Also nowhere in the email does it say the original code is bad (besides the inherent badness of VB maybe) or badly designed etc.. Legacy doesn't necessarily mean bad/evil/badly designed code. The linux kernel is 20 years old and parts of it have hardly changed or haven't at all since the beginning. There are other examples.

the process you described, in my opinion, adds a ton of unnecessary work and complication to a simple process. The only thing you've mentioned that I would agree with for some projects is Jenkins/Hudson. But that is only useful for large, ongoing projects, not something like this, a simple rewrite/port.

Waterfall is CSE 360 where you waste over half the semester designing and documenting and creating sequence diagrams and UML diagrams and crap before you've written a line of code so they're all completely made up and useless..

Anyway, again I apologize and don't take offense. I know you're a good developer just very different with a very different coding experience.

To deconstruct every one of the arguments would be long and tedious, as it basically boils down to

I don't like your heavy use of professional jargon/terminology.

This is fair. I probably overdid it a bit, especially given the audience of the list. I was trying to use a shared lexicon to keep the transmission short, as I'm typically accused of writing too much. But in my haste to transmit a short message and provide directed pointers, I came off pedantic and "overzealous."

Because I don't understand the terminology, you must be wrong

Obviously he hadn't bothered to look up Legacy Code (equating age with Legacy is imprecise), or "Template Method" as opposed to "Template System", etc etc. The dangers of trying to rely on a shared lexicon that's not ubiquitous rears its ugly head. But because he'd written code at a university, Intel, and other places, and it had worked, he must know a better way of writing code. "Because it works, it is correct and good."

We can build cars out of matchsticks and make them run. Does that mean all cars should be made of matchsticks?

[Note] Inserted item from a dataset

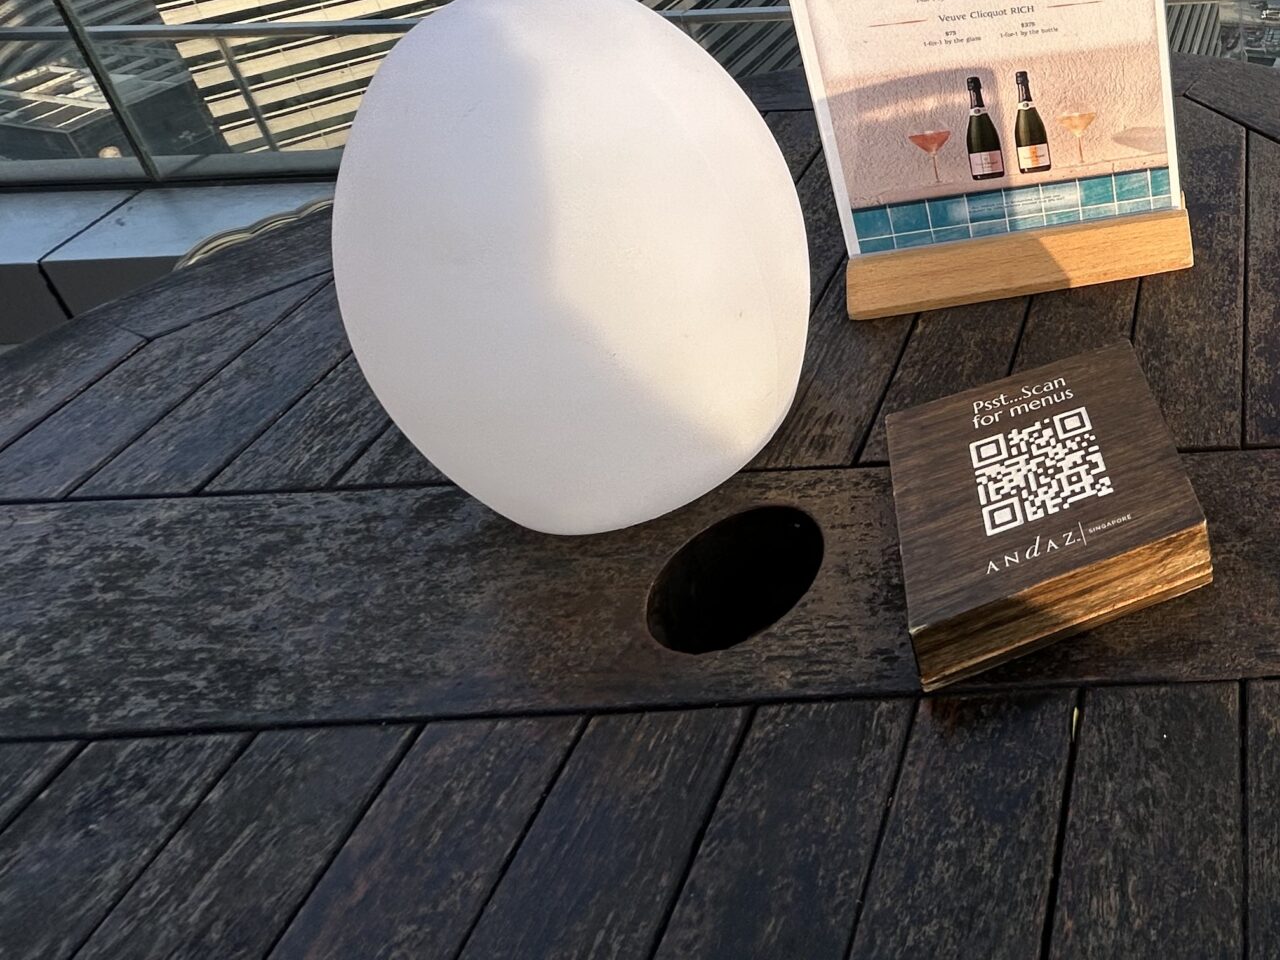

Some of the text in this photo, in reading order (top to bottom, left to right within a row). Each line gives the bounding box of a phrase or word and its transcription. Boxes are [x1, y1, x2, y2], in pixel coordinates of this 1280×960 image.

[938, 5, 1035, 22] Veuve Clicquot RICH
[972, 389, 1074, 429] for menus
[1088, 513, 1132, 534] SINGAPORE

We can build bridges with thin metal plates. Does that mean we should build all bridges that way?

OOP is not that great. I write C code every day, it's more performant and better and awesome.

C is not that great. You don't need function pointers and loops. You'd be much more performant in assembly.

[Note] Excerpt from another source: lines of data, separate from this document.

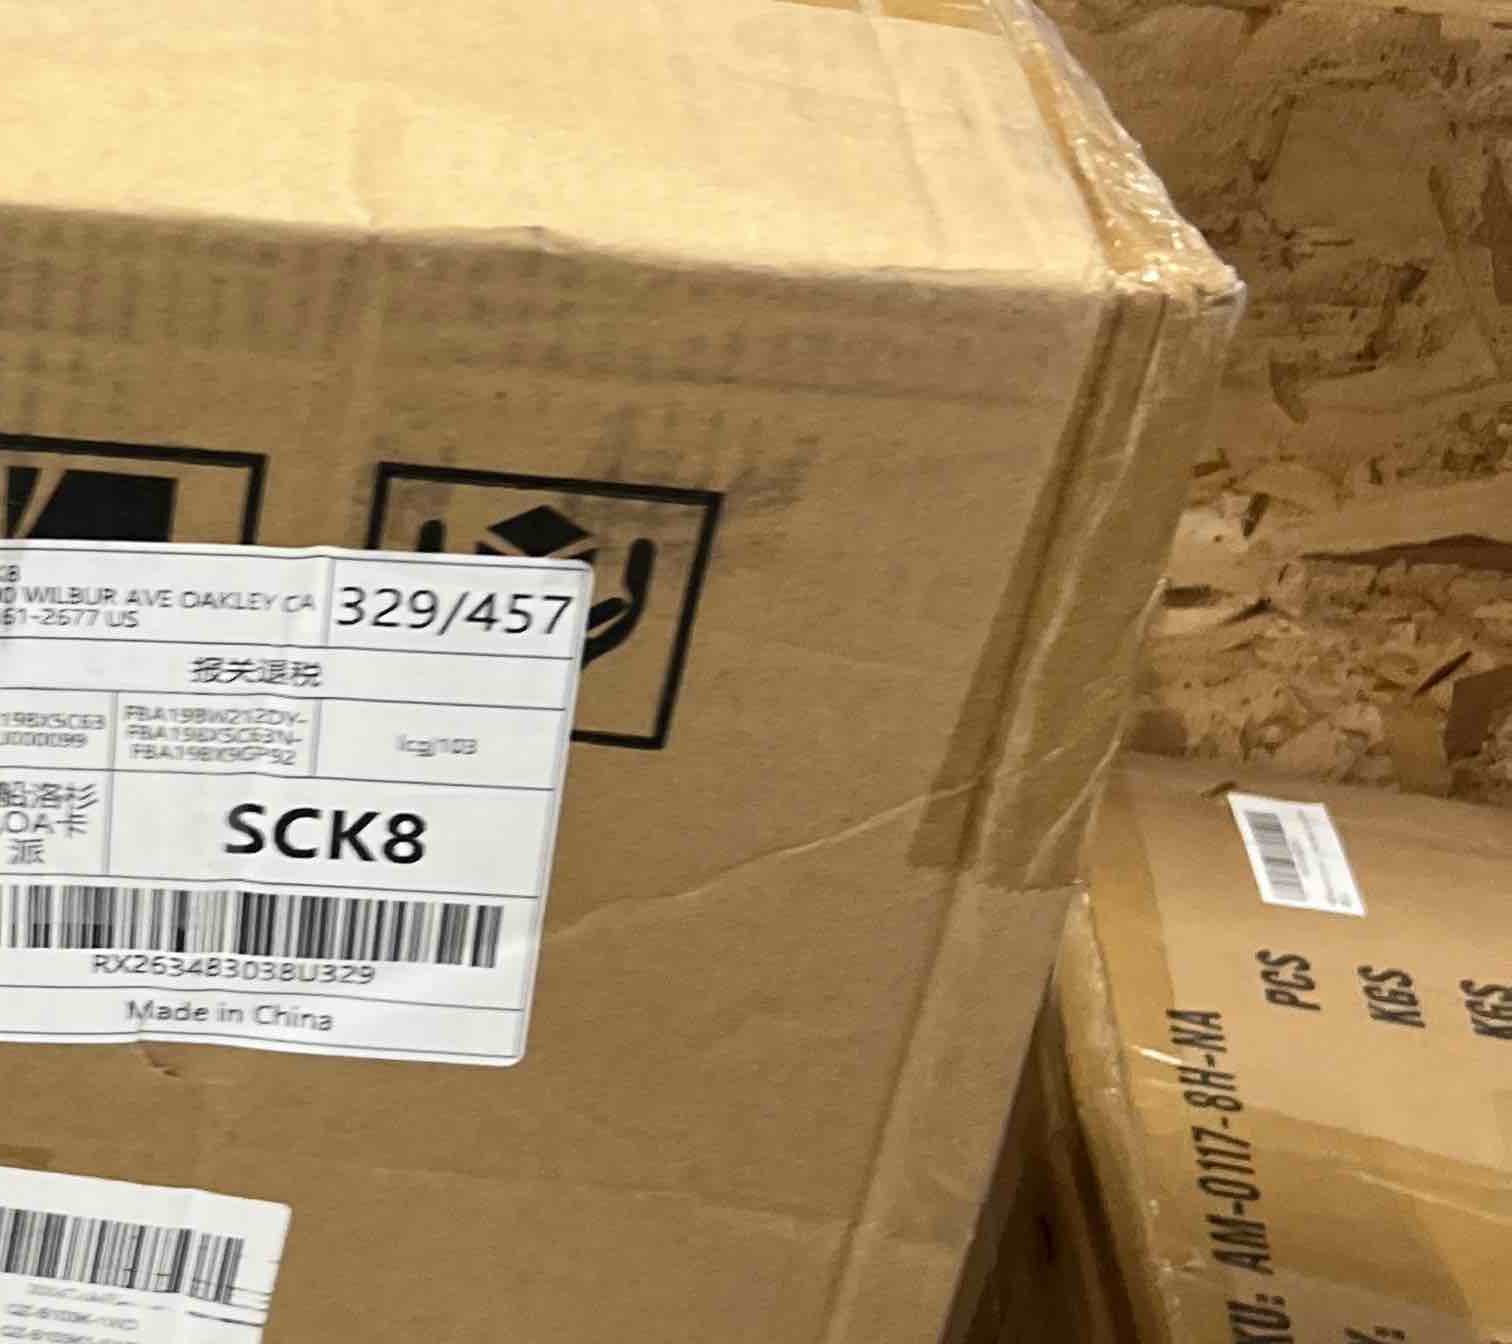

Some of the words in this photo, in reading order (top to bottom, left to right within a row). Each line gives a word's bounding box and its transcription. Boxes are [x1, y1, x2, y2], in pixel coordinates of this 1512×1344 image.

[23, 587, 116, 606] WILBUR
[125, 588, 172, 608] AVE
[179, 590, 274, 611] OAKLEY
[281, 593, 316, 613] CA
[105, 610, 139, 628] US
[336, 585, 573, 636] 329/457
[225, 803, 427, 865] SCK8
[1255, 949, 1321, 1012] PCS
[1357, 965, 1426, 1029] KGS
[126, 999, 208, 1024] Made
[216, 1003, 244, 1023] in
[253, 1004, 333, 1032] China

Anything that can be written in a higher level language can be written in assembly. So go! Load words into registers. Go twiddle your bits because you'll be faster and your code will have simpler pieces. After all, who the hell understands pointers? Just load memory addresses into registers!

While the GoF book and much of the attendant literature has revolved around OO, it's naive and foolish to discard Patterns as an OO concept. Functional Programming is making great strides in uncovering Monads, such as the State Monad and File I/O, that serve similar purposes: the solution to a problem in context. Agent-Oriented artificial intelligence systems[this][that] are drawing great inspiration from patterns. All of science is converging to the idea that patterns are fundamental. Analysis Patterns, Implementation Patterns, Compiler Patterns, all of these are applicable whether the program is written in an OO, procedural, or functional style. Evans talks about this in Domain Driven Design as well.

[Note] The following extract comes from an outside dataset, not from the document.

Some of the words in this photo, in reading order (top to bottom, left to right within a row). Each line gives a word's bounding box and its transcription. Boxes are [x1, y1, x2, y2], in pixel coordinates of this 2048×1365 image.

C++ was perfectly fine with function pointers and multiple inheritance. Why did C++0x add lambdas? Because better tools for the job allow us to do our job more efficiently. That's the only reason to ever add to a language, because the increased expressivity and conciseness improve clarity. Rejecting the use of a shared vocabulary because it "adds cognitive overhead" is dubious.

Linux doesn't need all this junk. It's simple and awesome.

Curious, I asked a friend about an anecdote he'd shared with me.

I recently got into an interesting argument about quality code and its manifestations in various paradigms, with a guy who essentially argued that Design Patterns and TDD are too complex, the simplest thing is to rewrite a system from scratch and document it thoroughly, and that Linux was the bee's knees in quality and proof you didn't need things like tests to write good code. I'd like to reference your wireless card story and the post you found by Linus Torvalds. Could you try finding that again and posting it on my wall?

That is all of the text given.